The year is 1981. Everybody’s working for the weekend.
2044: the weekend becomes sentient.
2048: Everybody’s working for the weekend.
An autocorrect with a pulse is called a wife.
If you’re 25 please stop saying you’re tired. I have bananas older than you.
Kids have it rough these days. Alexa wasn’t responding to my son , so he had to change the volume on his commercial-free, on-demand show by physically pressing buttons on the remote control.
Who called it a clip-on hair extension and not a phoney-tail
(Trump rally)
Trump: I’ll take questions now.
Reporter: How will you fix California’s drought?
Trump: More water.
Crowd: *cheers wildly*
[magic school bus]
KID: where are we going today
MS. FRIZZLE: the zoo
KID: but last week we went to SPACE
MS. FRIZZLE: im hungover, children
DISNEY EXEC: So we’re going to remake 101 Dalmatians
ME: *hand shoots up*
EXEC: NOT with velociraptors
ME: *hand drops down*
6-year-old: Why do I have to share a room?

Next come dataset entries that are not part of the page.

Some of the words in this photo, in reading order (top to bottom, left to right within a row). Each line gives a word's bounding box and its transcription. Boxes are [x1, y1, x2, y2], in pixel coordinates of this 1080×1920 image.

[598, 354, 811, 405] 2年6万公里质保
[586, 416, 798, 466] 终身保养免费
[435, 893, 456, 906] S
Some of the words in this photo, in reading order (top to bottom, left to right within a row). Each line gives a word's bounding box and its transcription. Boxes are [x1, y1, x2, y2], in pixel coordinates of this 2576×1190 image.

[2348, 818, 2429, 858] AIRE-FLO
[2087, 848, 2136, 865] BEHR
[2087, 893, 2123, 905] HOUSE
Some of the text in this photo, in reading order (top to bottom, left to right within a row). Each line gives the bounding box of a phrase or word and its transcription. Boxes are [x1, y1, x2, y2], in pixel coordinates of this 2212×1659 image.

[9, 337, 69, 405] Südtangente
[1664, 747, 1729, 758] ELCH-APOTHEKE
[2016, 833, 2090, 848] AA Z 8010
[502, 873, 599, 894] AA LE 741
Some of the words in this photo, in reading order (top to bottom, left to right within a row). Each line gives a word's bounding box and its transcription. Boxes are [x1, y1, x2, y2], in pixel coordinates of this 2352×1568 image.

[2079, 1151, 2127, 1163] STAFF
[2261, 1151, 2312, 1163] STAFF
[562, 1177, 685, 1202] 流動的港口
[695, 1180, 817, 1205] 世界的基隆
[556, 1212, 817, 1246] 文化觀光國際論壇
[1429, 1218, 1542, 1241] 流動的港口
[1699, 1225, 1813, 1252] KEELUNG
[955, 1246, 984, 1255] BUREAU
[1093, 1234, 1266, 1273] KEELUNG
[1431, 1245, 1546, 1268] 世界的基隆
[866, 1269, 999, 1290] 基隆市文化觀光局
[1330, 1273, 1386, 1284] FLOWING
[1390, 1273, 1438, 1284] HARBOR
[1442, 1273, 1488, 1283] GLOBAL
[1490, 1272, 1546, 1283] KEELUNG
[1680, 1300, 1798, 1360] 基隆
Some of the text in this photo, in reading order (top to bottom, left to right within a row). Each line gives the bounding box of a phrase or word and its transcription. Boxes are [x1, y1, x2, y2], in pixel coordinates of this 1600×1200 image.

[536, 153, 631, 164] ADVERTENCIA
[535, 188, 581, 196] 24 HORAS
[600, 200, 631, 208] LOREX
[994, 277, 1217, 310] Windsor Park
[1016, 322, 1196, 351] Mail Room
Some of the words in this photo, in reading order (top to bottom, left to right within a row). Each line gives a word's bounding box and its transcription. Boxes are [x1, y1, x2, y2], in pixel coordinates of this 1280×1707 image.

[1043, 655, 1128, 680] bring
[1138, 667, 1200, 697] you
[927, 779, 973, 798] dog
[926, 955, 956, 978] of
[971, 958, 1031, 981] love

Me: It could be worse. Harry Potter slept in a cupboard under the stairs.
6: Yeah. By himself.
“Finally there’s Whatsapp stories!” – said no one ever
[1917]
allied soldier: my god this world war 1 is horrible
another soldier: wait, why did u call it that- are we gonna do this AGAIN
My 6 y/o and I are pretending to be on the show Alone. We each get to pick 10 survival items. My first item is coffee and his is a whoopee cushion. I think we’re ready for the real show.
[reviewing security cam footage to see what’s eating out of my trash at night] mother of god it’s me
#rubbishjokes
Noah’s diary – 39th day:“The dragon pie was really scrumptious.”
why are bouquets only for flowers? why not a bouquet of hot dogs. or a bouquet of hot dogs with ketchup. or a bouquet of hot dogs with musta
Why aren’t you flourishing? Flourish, you piece of shit.
Sometimes I lay in bed awake at night thinking, how did Skeletor from He-Man speak perfectly without lips or a tongue
My dog peed in his pool and then laid down in it and I thought that was awful until I remembered my last trip to the lake.